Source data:
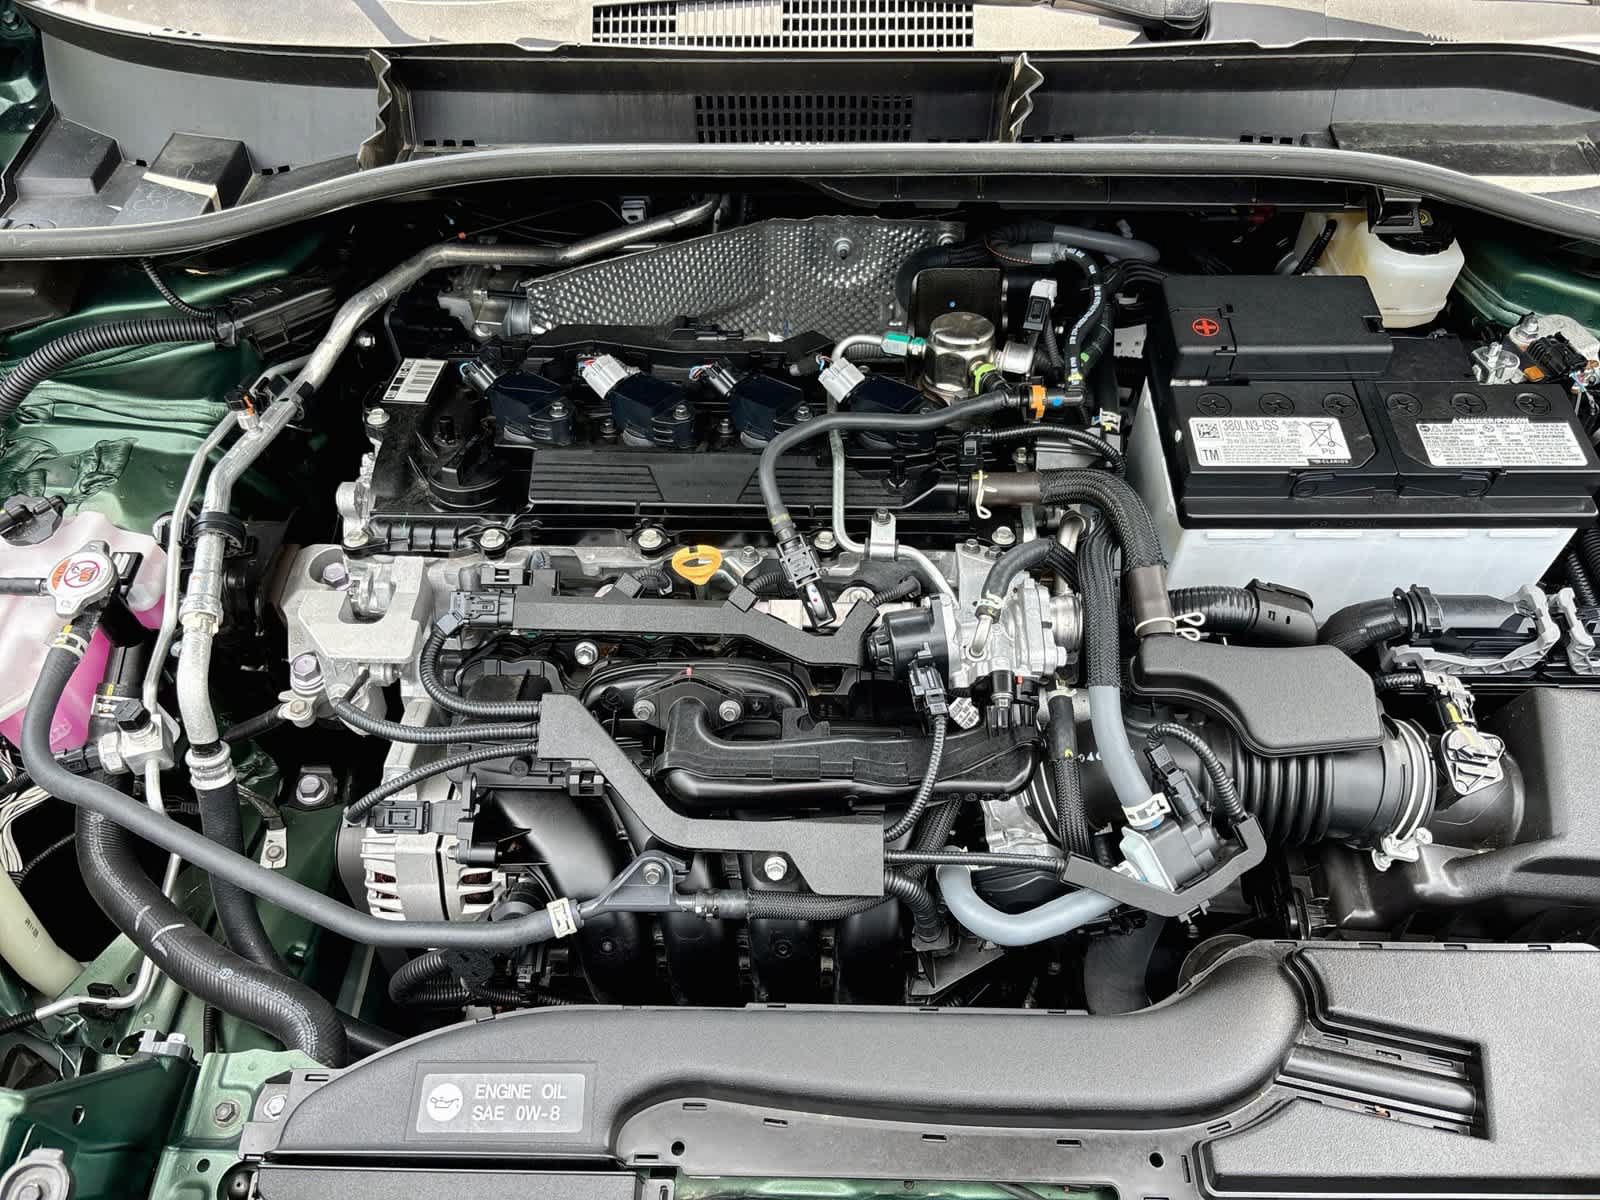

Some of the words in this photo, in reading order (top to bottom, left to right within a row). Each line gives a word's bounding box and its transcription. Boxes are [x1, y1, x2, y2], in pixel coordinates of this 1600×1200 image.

[1221, 420, 1280, 432] 380LN3-ISS
[1201, 449, 1220, 461] TM
[475, 1083, 533, 1099] ENGINE
[542, 1083, 567, 1099] OIL
[471, 1105, 505, 1121] SAE
[516, 1105, 561, 1121] 0W-8
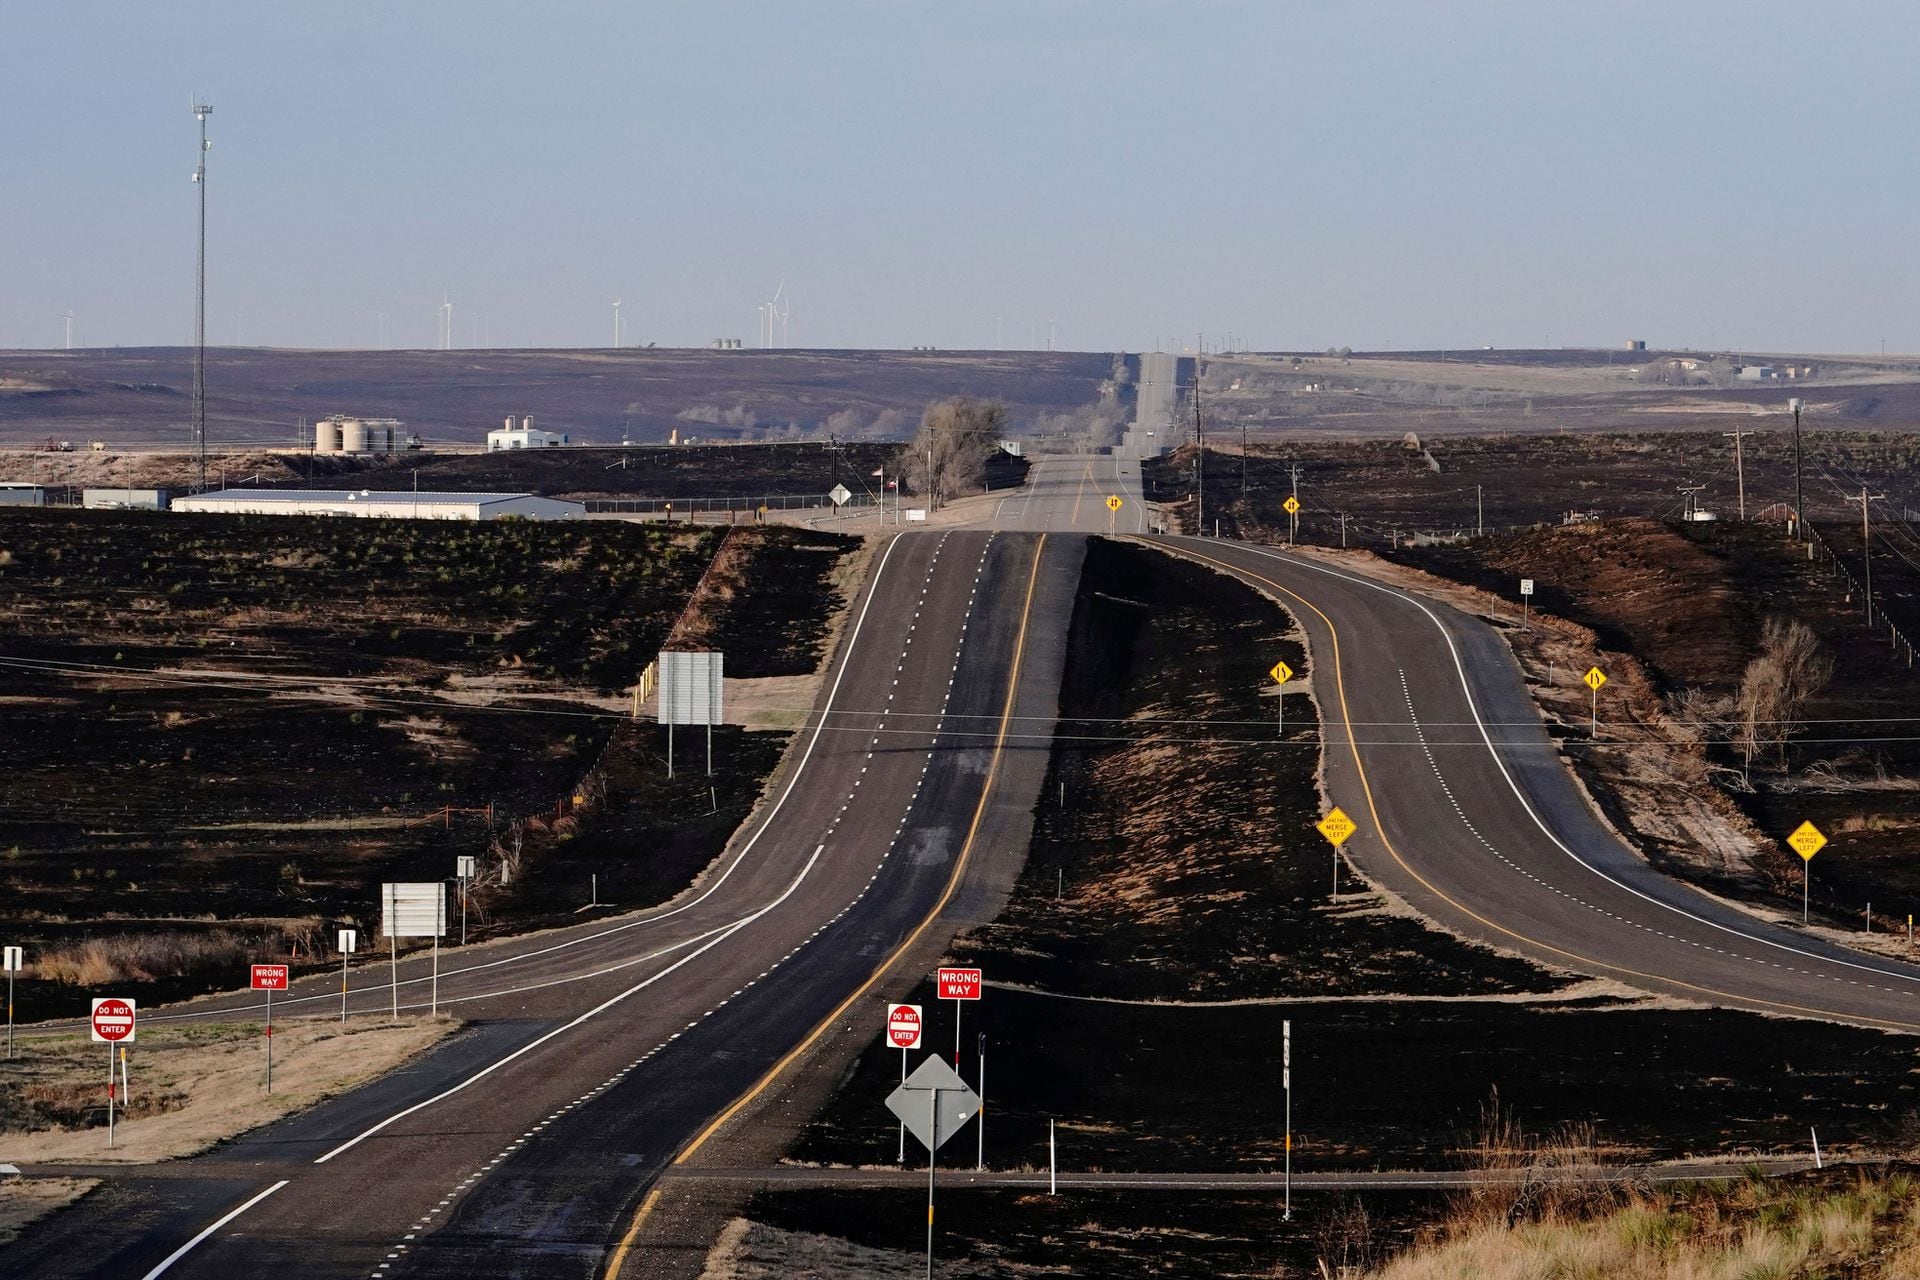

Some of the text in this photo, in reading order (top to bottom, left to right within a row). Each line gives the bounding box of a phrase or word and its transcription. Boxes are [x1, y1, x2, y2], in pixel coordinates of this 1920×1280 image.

[941, 973, 978, 983] WRONG
[948, 985, 971, 995] WAY
[894, 1032, 914, 1040] ENTER
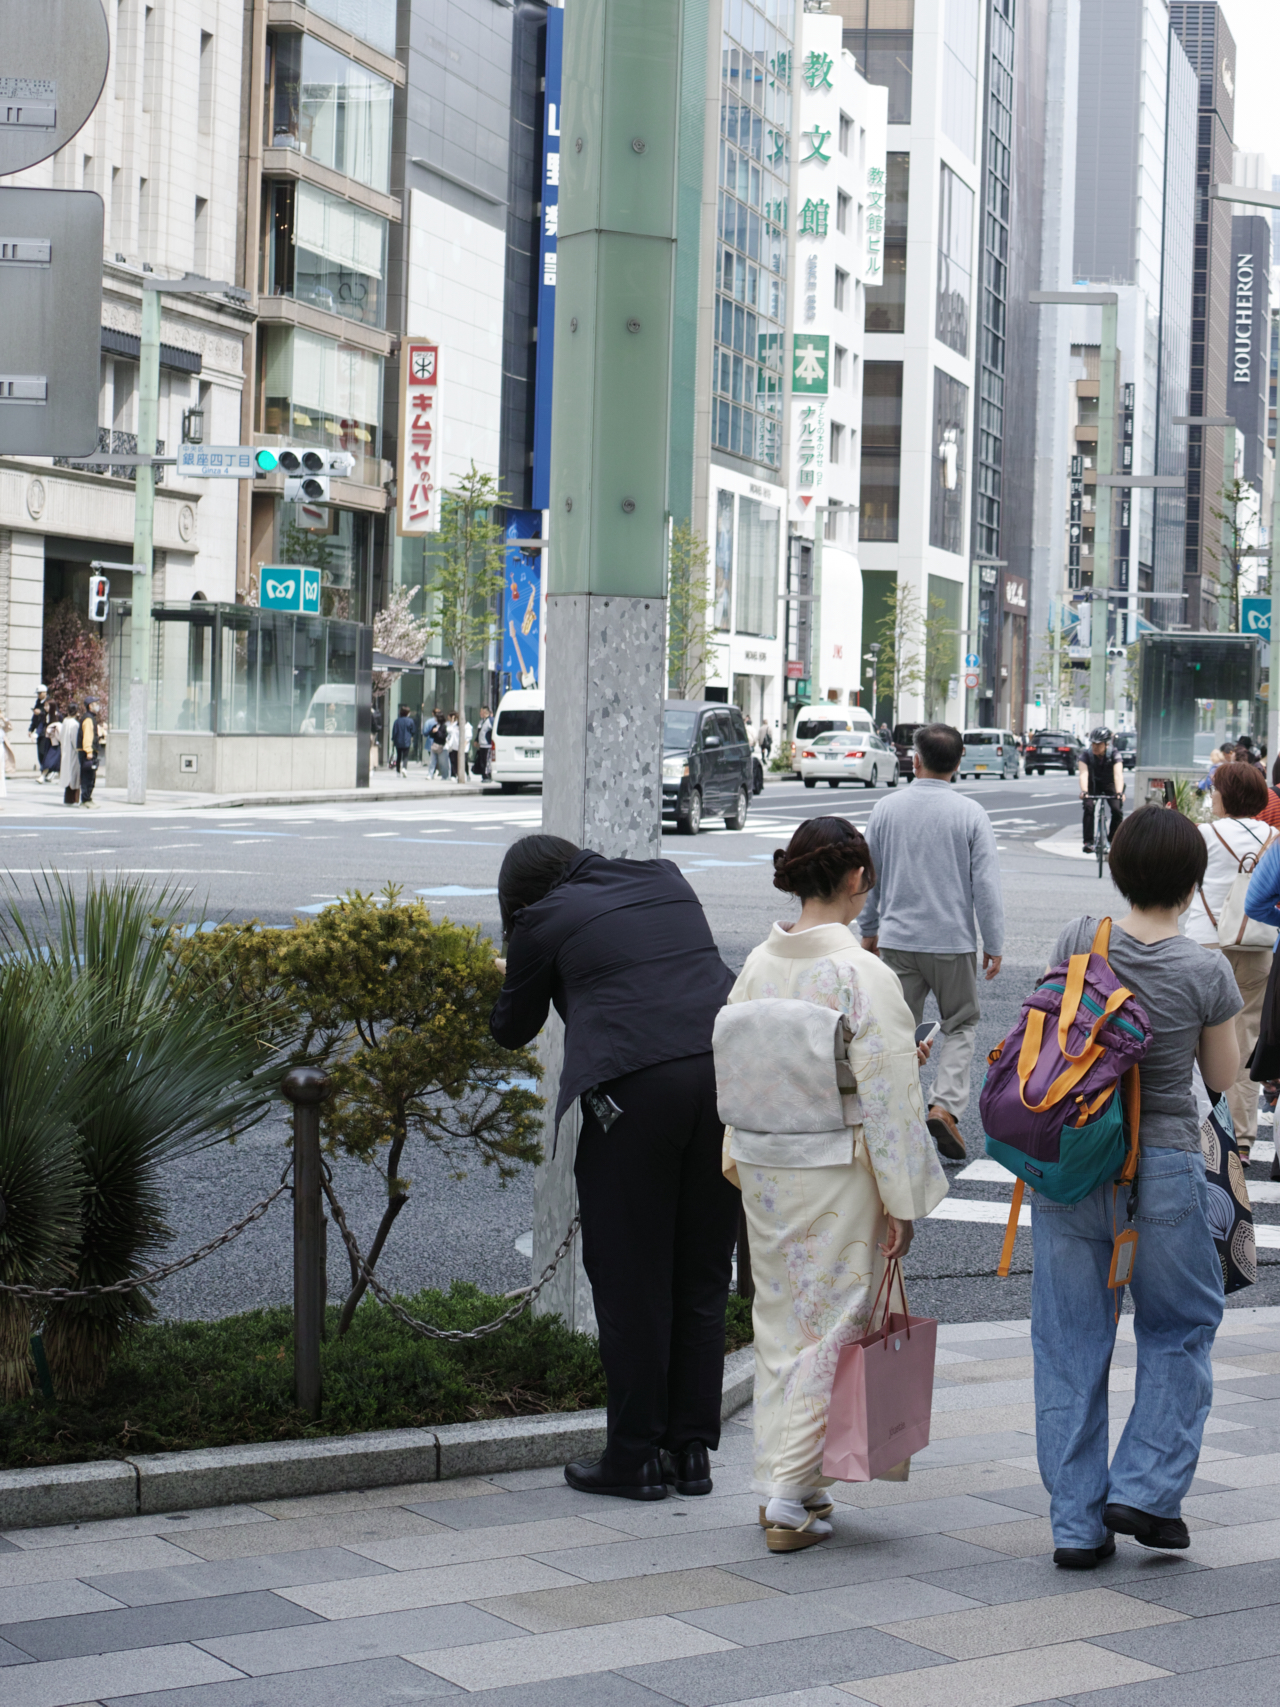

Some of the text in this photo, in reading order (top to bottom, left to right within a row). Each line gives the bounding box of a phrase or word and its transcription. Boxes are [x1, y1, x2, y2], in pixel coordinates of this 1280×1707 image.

[799, 50, 834, 237] 教文館
[867, 166, 886, 274] 教文館ビル
[794, 343, 826, 385] 本
[1233, 253, 1254, 383] BOUCHERON
[182, 452, 250, 467] 銀座四丁目
[201, 466, 229, 475] Ginza 4
[409, 393, 434, 521] キムラヤのパン
[800, 405, 817, 484] ナルニア国
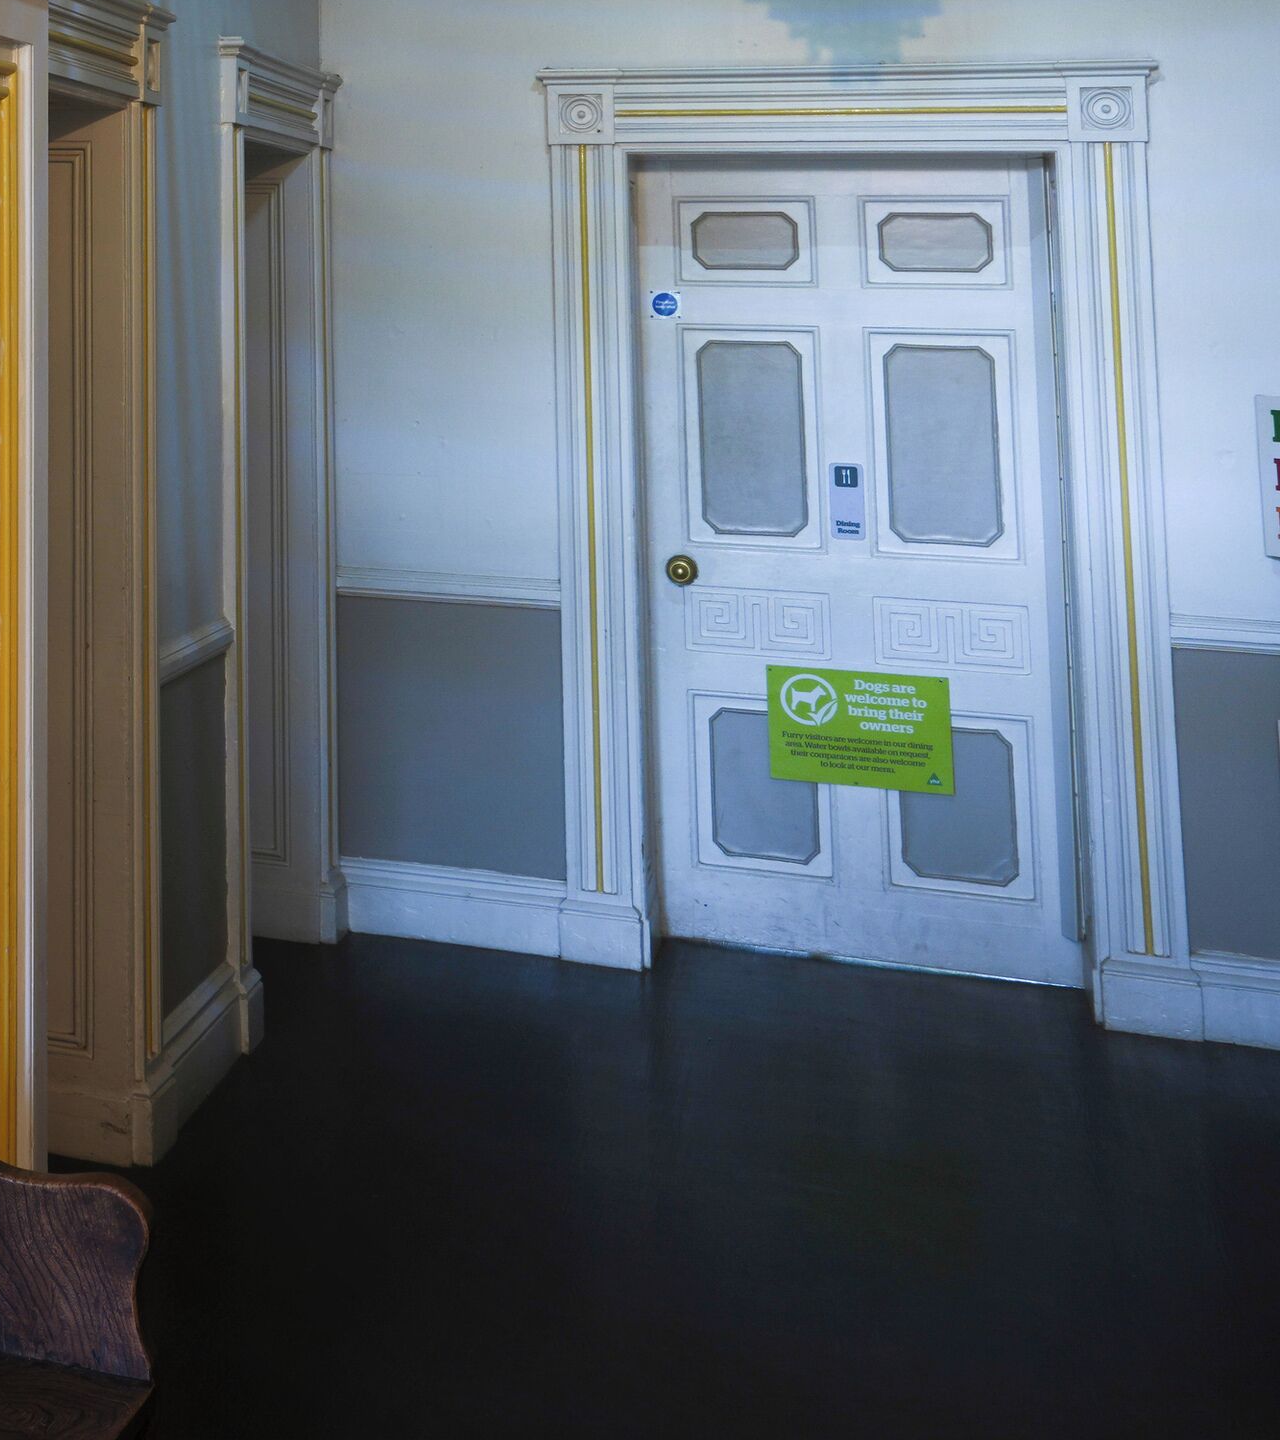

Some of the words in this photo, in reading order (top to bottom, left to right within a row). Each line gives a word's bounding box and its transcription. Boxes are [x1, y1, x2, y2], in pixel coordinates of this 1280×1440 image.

§ TASK STATEMENT
Quote precisely the lines of the data from the line containing "this 1280×1707 image." through its final line, both included, excluding pictures.

§ RESULT FOR THIS EXERCISE
Some of the text in this photo, in reading order (top to bottom, left to right within a row). Each line gives the bounding box of a phrase or word and its transcription. Boxes are [x1, y1, x2, y2], in pixel coordinates of this 1280×1707 image.

[799, 50, 834, 237] 教文館
[867, 166, 886, 274] 教文館ビル
[794, 343, 826, 385] 本
[1233, 253, 1254, 383] BOUCHERON
[182, 452, 250, 467] 銀座四丁目
[201, 466, 229, 475] Ginza 4
[409, 393, 434, 521] キムラヤのパン
[800, 405, 817, 484] ナルニア国

Some of the words in this photo, in reading order (top to bottom, left to right within a row). Each line gives a word's bounding box and its transcription. Boxes are [x1, y1, x2, y2], in pixel coordinates of this 1280×1440 image.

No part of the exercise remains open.